Well, it's difficult to make a line to separate cloud-only and cloud-assisted AVs... in my opinion, a cloud-only AV doesn't need to download hundreds of Mb of signatures on the user's PC, but maybe it will sync the local cache with the cloud database. So, I think your remark below makes sense
Comodo Cloud has potential, but based on the observations of these Wilders users, it may still need some work ... https://www.wilderssecurity.com/threads/comodo-cloud-antivirus-beta-releases.381221/page-7
Most of those reviews are pretty old. I tested CCAV around 1 year ago and it was terrible, but now I'm using it (instead of Comodo Firewall 10) and it's working really well
I have noticed that AV-Comparatives methodology leaves an AV product's cloud connection active when testing products for malware detection rates. They also run a performance impact test so you can see how the players stack up in that regard. Certainly worth checking out. I think that many AV vendors have realized that relying an a client-only approach is limited by the computing power of the client, and the ability to deliver the latest signatures frequently. By using a cluster of fast servers to process file hashes and to identify the latest emerging threats in real-time, makes a cloud defense superior. But at the same time, I would be worried if those servers became temporarily unreachable, say a network connections was down, or even due to a DNS snafu. I wouldn't want to be defenseless on the local client until the network issues are resolved...

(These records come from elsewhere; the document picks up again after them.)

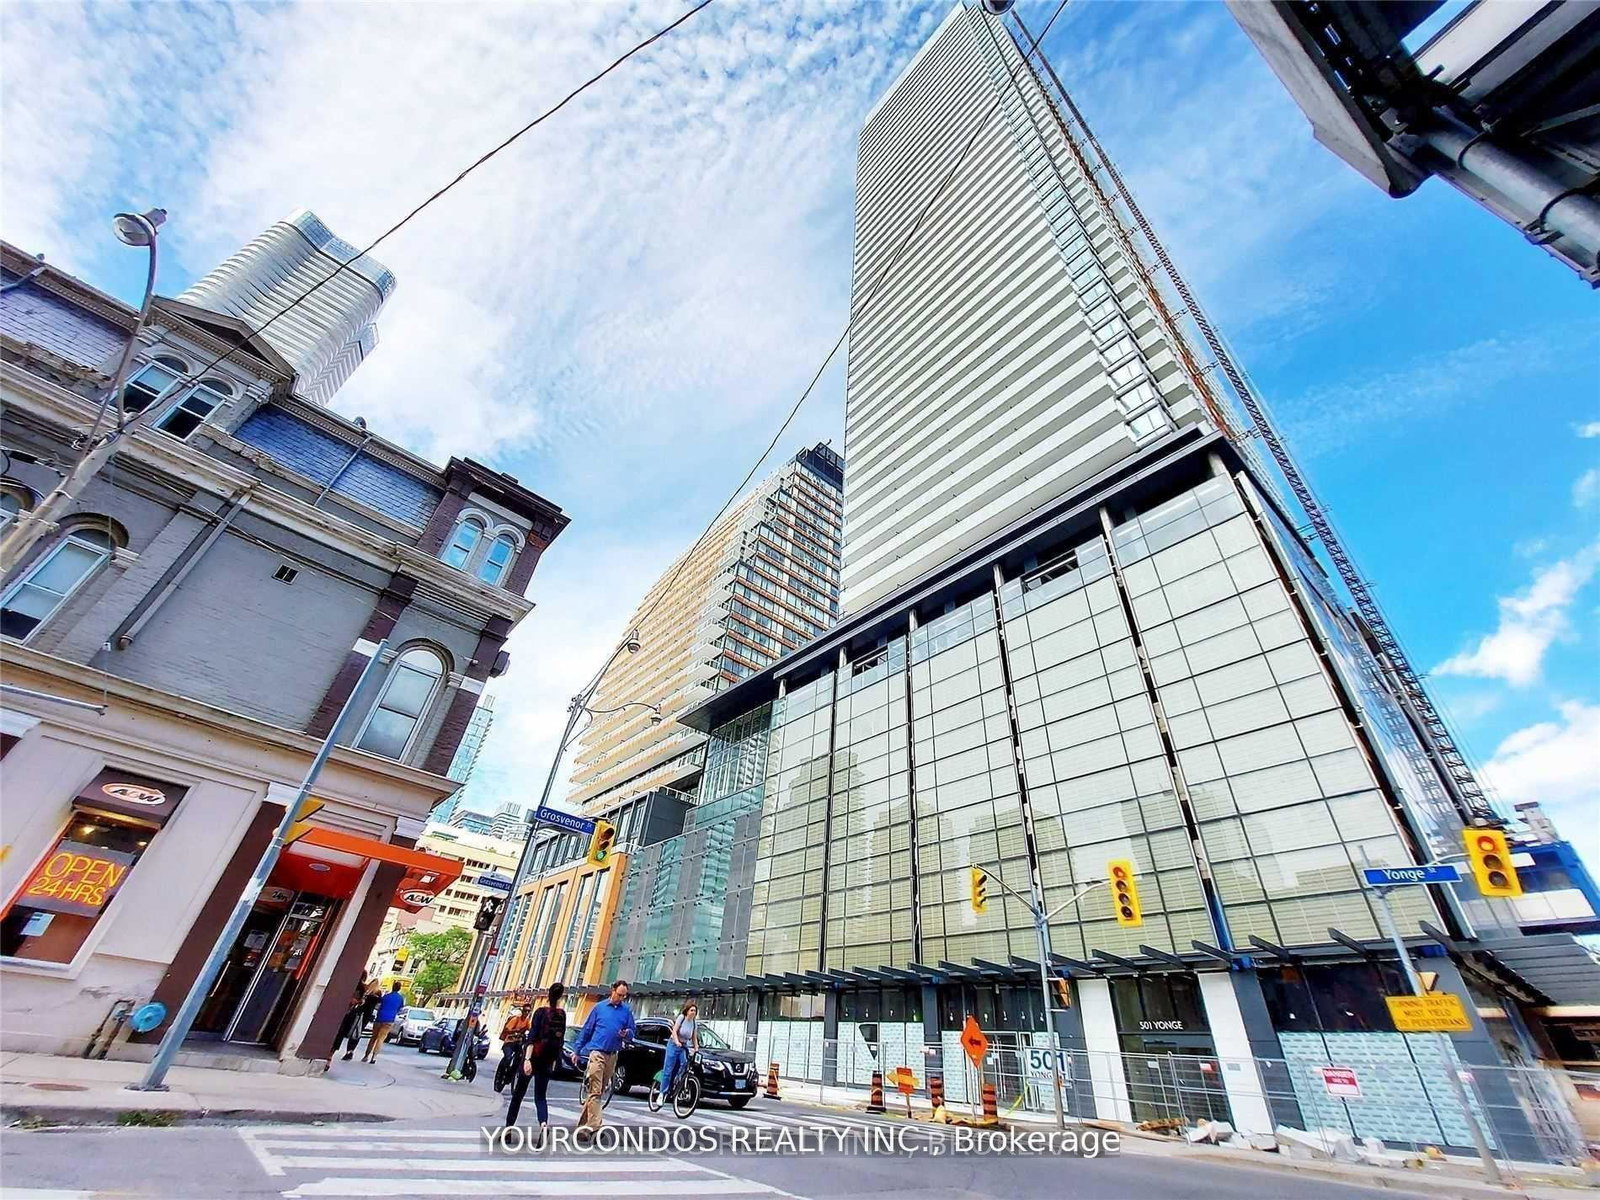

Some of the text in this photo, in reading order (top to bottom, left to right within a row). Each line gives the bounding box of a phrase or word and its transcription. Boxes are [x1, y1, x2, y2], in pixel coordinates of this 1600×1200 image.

[111, 787, 161, 802] A&W
[540, 809, 585, 830] Grosvenor
[45, 852, 127, 887] OPEN
[1382, 869, 1426, 882] Yonge
[479, 877, 505, 890] Grosvenor
[29, 876, 108, 907] 24 HRS
[405, 892, 434, 905] A&W
[1139, 1020, 1184, 1030] 501 YONGE

Is Panda really only 2MB big, or is it the installer? Didn't want to to download it, because I hate download.com, don't trust them.

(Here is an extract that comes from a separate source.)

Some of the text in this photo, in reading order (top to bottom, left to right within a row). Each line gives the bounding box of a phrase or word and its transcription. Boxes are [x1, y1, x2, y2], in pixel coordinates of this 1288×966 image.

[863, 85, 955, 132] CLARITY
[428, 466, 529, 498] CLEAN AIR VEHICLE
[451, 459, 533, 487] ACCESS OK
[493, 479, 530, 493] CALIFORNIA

Extract the Self-extracting archive, look into the file Stubinstaller.ini and there you can find the url to the full Download (~65 MB). You can't miss it. Edit: Or download it from known download-sites (see above)
Yes I agree, a completely cloud based AV would be a bad idea. Thanks, quite cool of FileHippo to host the full version, I can't stand those app installers.
Panda appears to be a reasonable hybrid model of cloud based protection. Panda scored very well on the March 2017 "Real World Protection Test", as well as the "Malware Protection Test" at AV-Comparatives. Also of note is the very low false positive rate.
Well I don't want to start anything here, but I would take an academic organization's results first. Tests run by an individual are interesting, but to be taken with a grain of salt.